Exercise details →
The entire listing below is to be written out exactly, minus the pictures.

Entries shown →
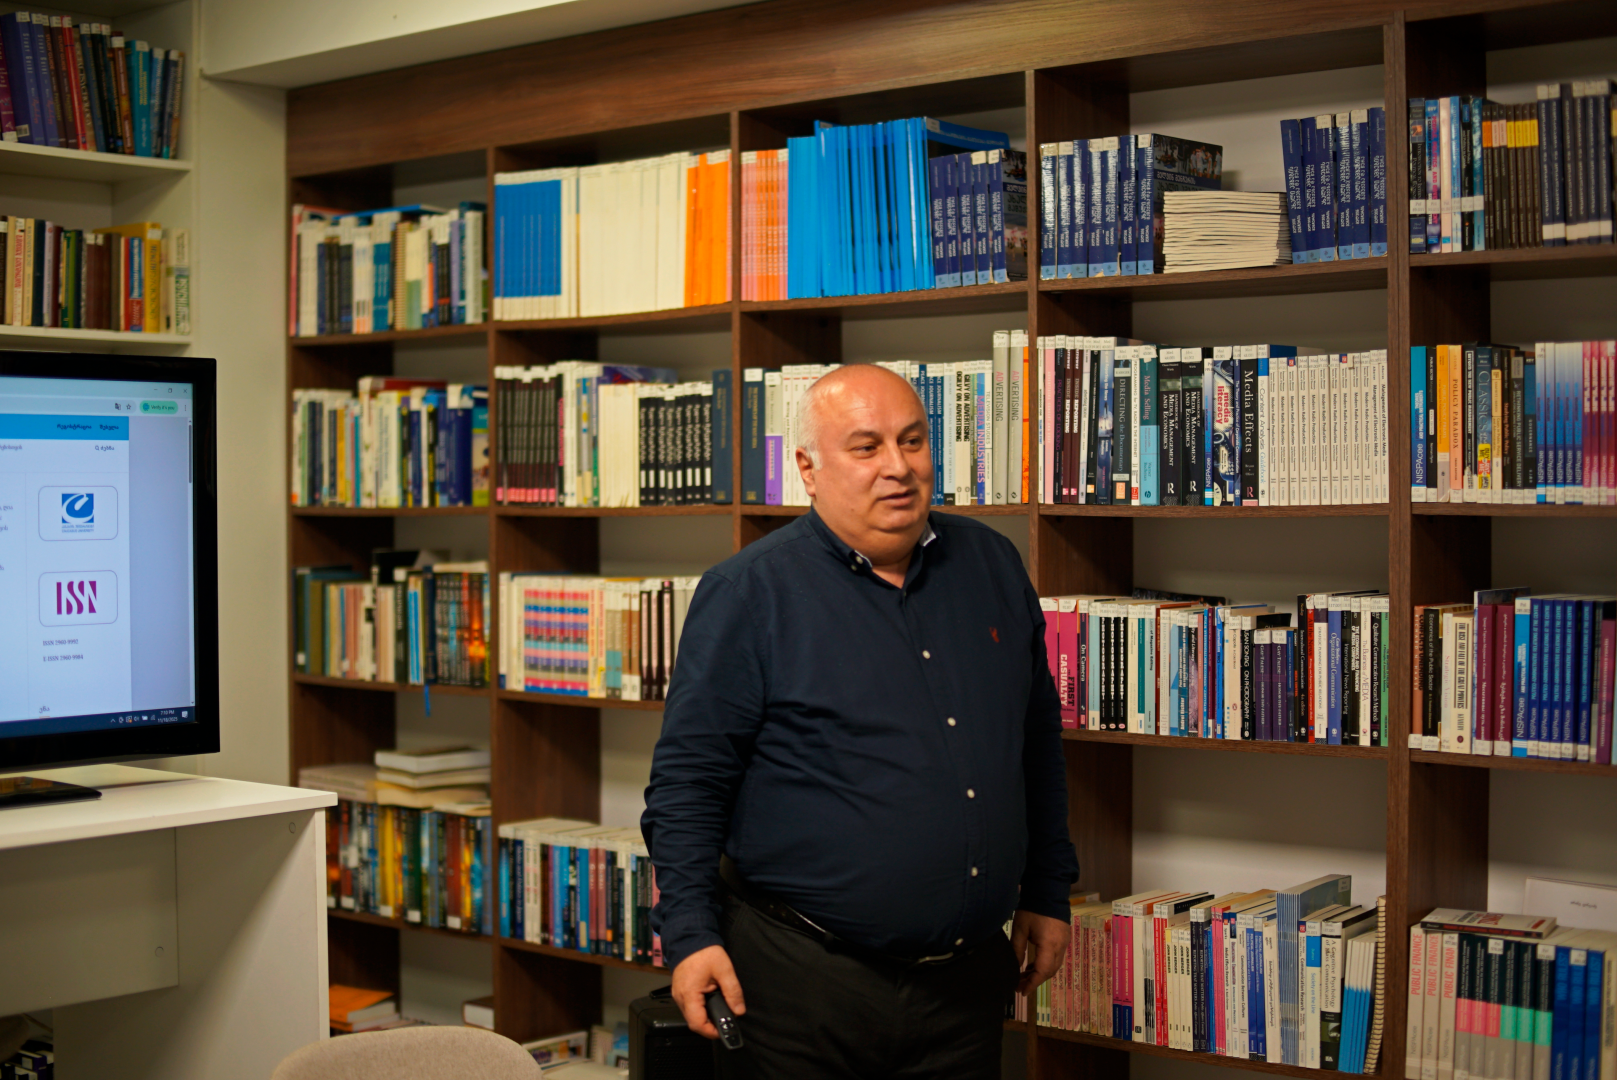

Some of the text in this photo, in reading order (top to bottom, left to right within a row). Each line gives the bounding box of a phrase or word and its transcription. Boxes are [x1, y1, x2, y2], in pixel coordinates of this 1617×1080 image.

[955, 392, 962, 400] ON
[963, 392, 970, 400] ON
[995, 371, 1004, 422] ADVERTISING
[1011, 370, 1020, 421] ADVERTISING
[1216, 386, 1224, 424] literacy
[1244, 370, 1254, 453] Media Effects
[1478, 371, 1490, 431] CLASSICS
[977, 394, 985, 484] MEDIA INDUSTRIES
[56, 580, 97, 615] ISSN
[1081, 644, 1086, 654] On
[1244, 670, 1249, 680] ON
[1411, 934, 1421, 995] PUBLIC FINANCE
[1427, 934, 1438, 996] PUBLIC FINANCE
[1444, 948, 1454, 998] PUBLIC FINAN

Answer section →
Some of the text in this photo, in reading order (top to bottom, left to right within a row). Each line gives the bounding box of a phrase or word and its transcription. Boxes are [x1, y1, x2, y2], in pixel coordinates of this 1617×1080 image.

[955, 392, 962, 400] ON
[963, 392, 970, 400] ON
[995, 371, 1004, 422] ADVERTISING
[1011, 370, 1020, 421] ADVERTISING
[1216, 386, 1224, 424] literacy
[1244, 370, 1254, 453] Media Effects
[1478, 371, 1490, 431] CLASSICS
[977, 394, 985, 484] MEDIA INDUSTRIES
[56, 580, 97, 615] ISSN
[1081, 644, 1086, 654] On
[1244, 670, 1249, 680] ON
[1411, 934, 1421, 995] PUBLIC FINANCE
[1427, 934, 1438, 996] PUBLIC FINANCE
[1444, 948, 1454, 998] PUBLIC FINAN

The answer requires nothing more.